Segment Start: Exercise materials

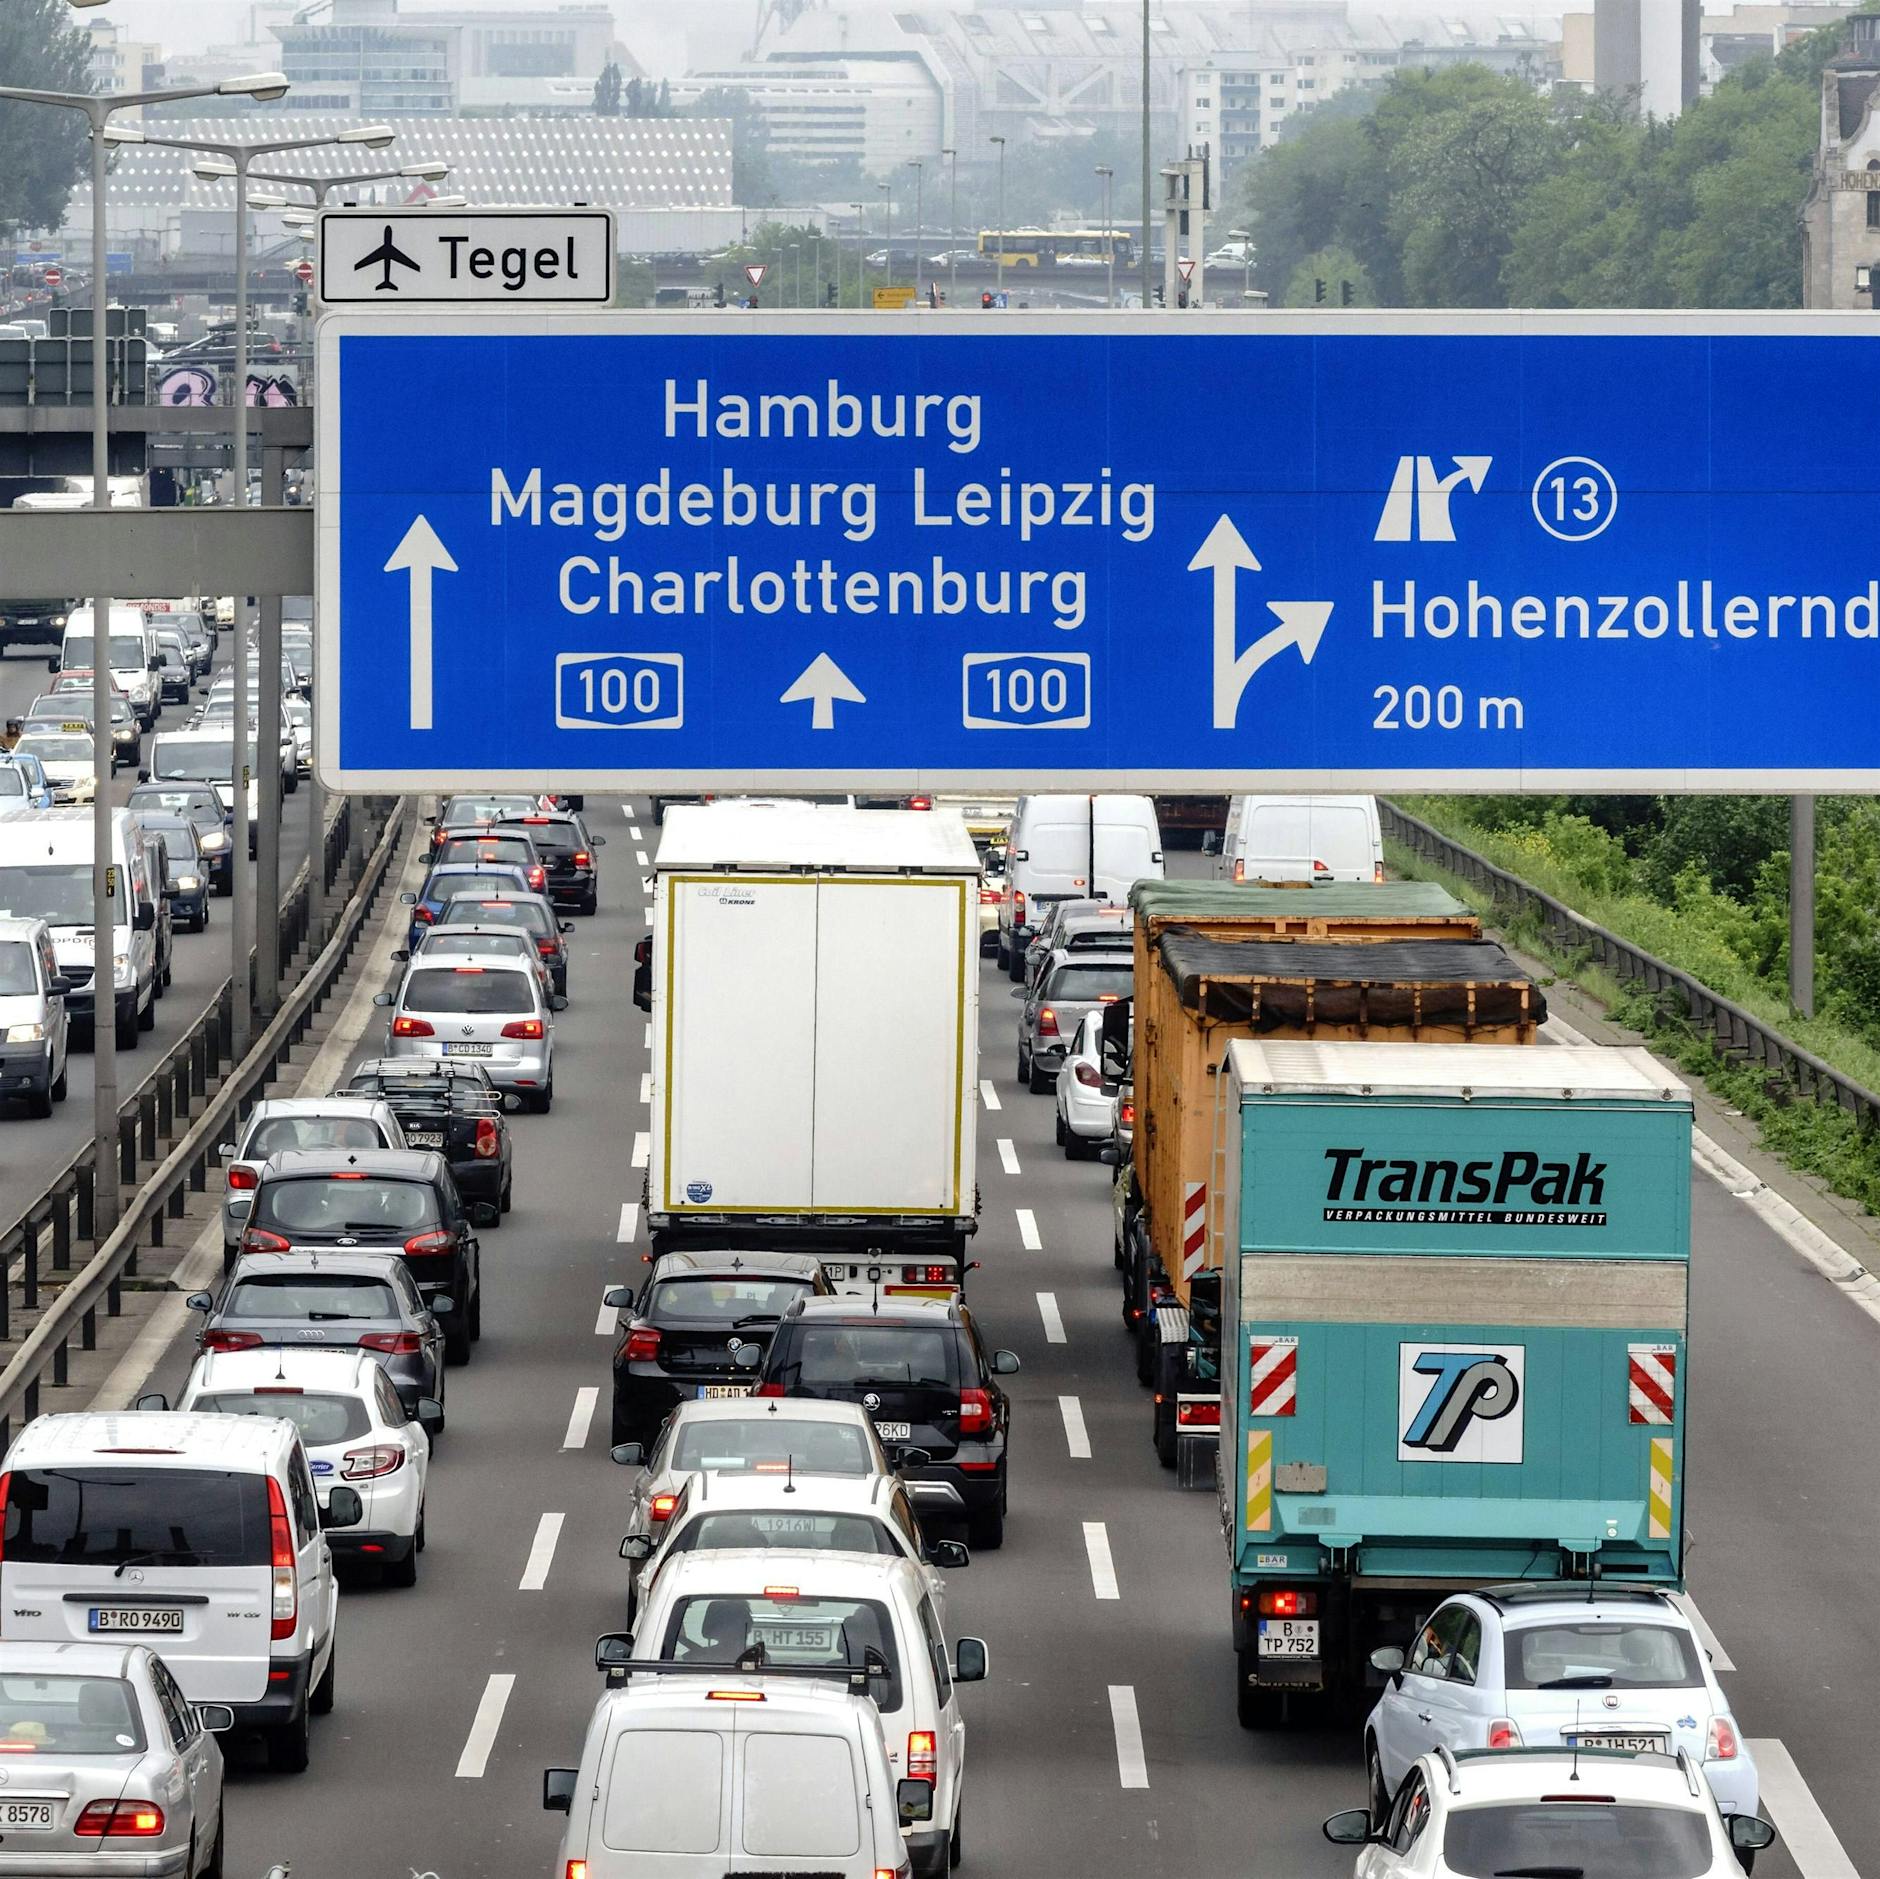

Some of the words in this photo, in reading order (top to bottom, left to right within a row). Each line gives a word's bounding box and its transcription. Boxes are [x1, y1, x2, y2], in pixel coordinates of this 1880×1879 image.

[1840, 172, 1880, 190] HOHEN
[439, 236, 579, 291] Tegel
[665, 380, 981, 454] Hamburg
[491, 468, 876, 542] Magdeburg
[914, 468, 1155, 542] Leipzig
[1550, 477, 1598, 521] 13
[559, 556, 1086, 630] Charlottenburg
[1373, 580, 1880, 639] Hohenzollernd
[579, 668, 660, 714] 100
[986, 668, 1067, 714] 100
[1373, 684, 1463, 730] 200
[1479, 696, 1524, 729] m
[448, 1045, 454, 1053] B
[418, 1133, 442, 1143] 7923
[1324, 1147, 1608, 1205] TransPak
[1325, 1209, 1494, 1223] VERPACKUNGSMITTEL
[1503, 1212, 1606, 1225] BUNDESWEIT
[1278, 1336, 1296, 1344] BAR
[705, 1387, 719, 1399] HD
[767, 1519, 812, 1531] 1916W
[1265, 1556, 1286, 1564] BAR
[99, 1610, 110, 1626] B
[119, 1610, 139, 1627] RO
[142, 1610, 181, 1628] 9490
[753, 1629, 762, 1644] B
[772, 1630, 793, 1646] HT
[796, 1631, 825, 1646] 155
[1283, 1622, 1293, 1636] B
[1264, 1638, 1283, 1652] TP
[1287, 1638, 1315, 1653] 752
[1627, 1739, 1656, 1752] 521
[7, 1805, 50, 1823] 8578

Segment End: Exercise materials

** Task brief **
Nothing but the records above, exact and without pictures, should appear in the answer.

** Exercise answer **
Some of the words in this photo, in reading order (top to bottom, left to right within a row). Each line gives a word's bounding box and its transcription. Boxes are [x1, y1, x2, y2], in pixel coordinates of this 1880×1879 image.

[1840, 172, 1880, 190] HOHEN
[439, 236, 579, 291] Tegel
[665, 380, 981, 454] Hamburg
[491, 468, 876, 542] Magdeburg
[914, 468, 1155, 542] Leipzig
[1550, 477, 1598, 521] 13
[559, 556, 1086, 630] Charlottenburg
[1373, 580, 1880, 639] Hohenzollernd
[579, 668, 660, 714] 100
[986, 668, 1067, 714] 100
[1373, 684, 1463, 730] 200
[1479, 696, 1524, 729] m
[448, 1045, 454, 1053] B
[418, 1133, 442, 1143] 7923
[1324, 1147, 1608, 1205] TransPak
[1325, 1209, 1494, 1223] VERPACKUNGSMITTEL
[1503, 1212, 1606, 1225] BUNDESWEIT
[1278, 1336, 1296, 1344] BAR
[705, 1387, 719, 1399] HD
[767, 1519, 812, 1531] 1916W
[1265, 1556, 1286, 1564] BAR
[99, 1610, 110, 1626] B
[119, 1610, 139, 1627] RO
[142, 1610, 181, 1628] 9490
[753, 1629, 762, 1644] B
[772, 1630, 793, 1646] HT
[796, 1631, 825, 1646] 155
[1283, 1622, 1293, 1636] B
[1264, 1638, 1283, 1652] TP
[1287, 1638, 1315, 1653] 752
[1627, 1739, 1656, 1752] 521
[7, 1805, 50, 1823] 8578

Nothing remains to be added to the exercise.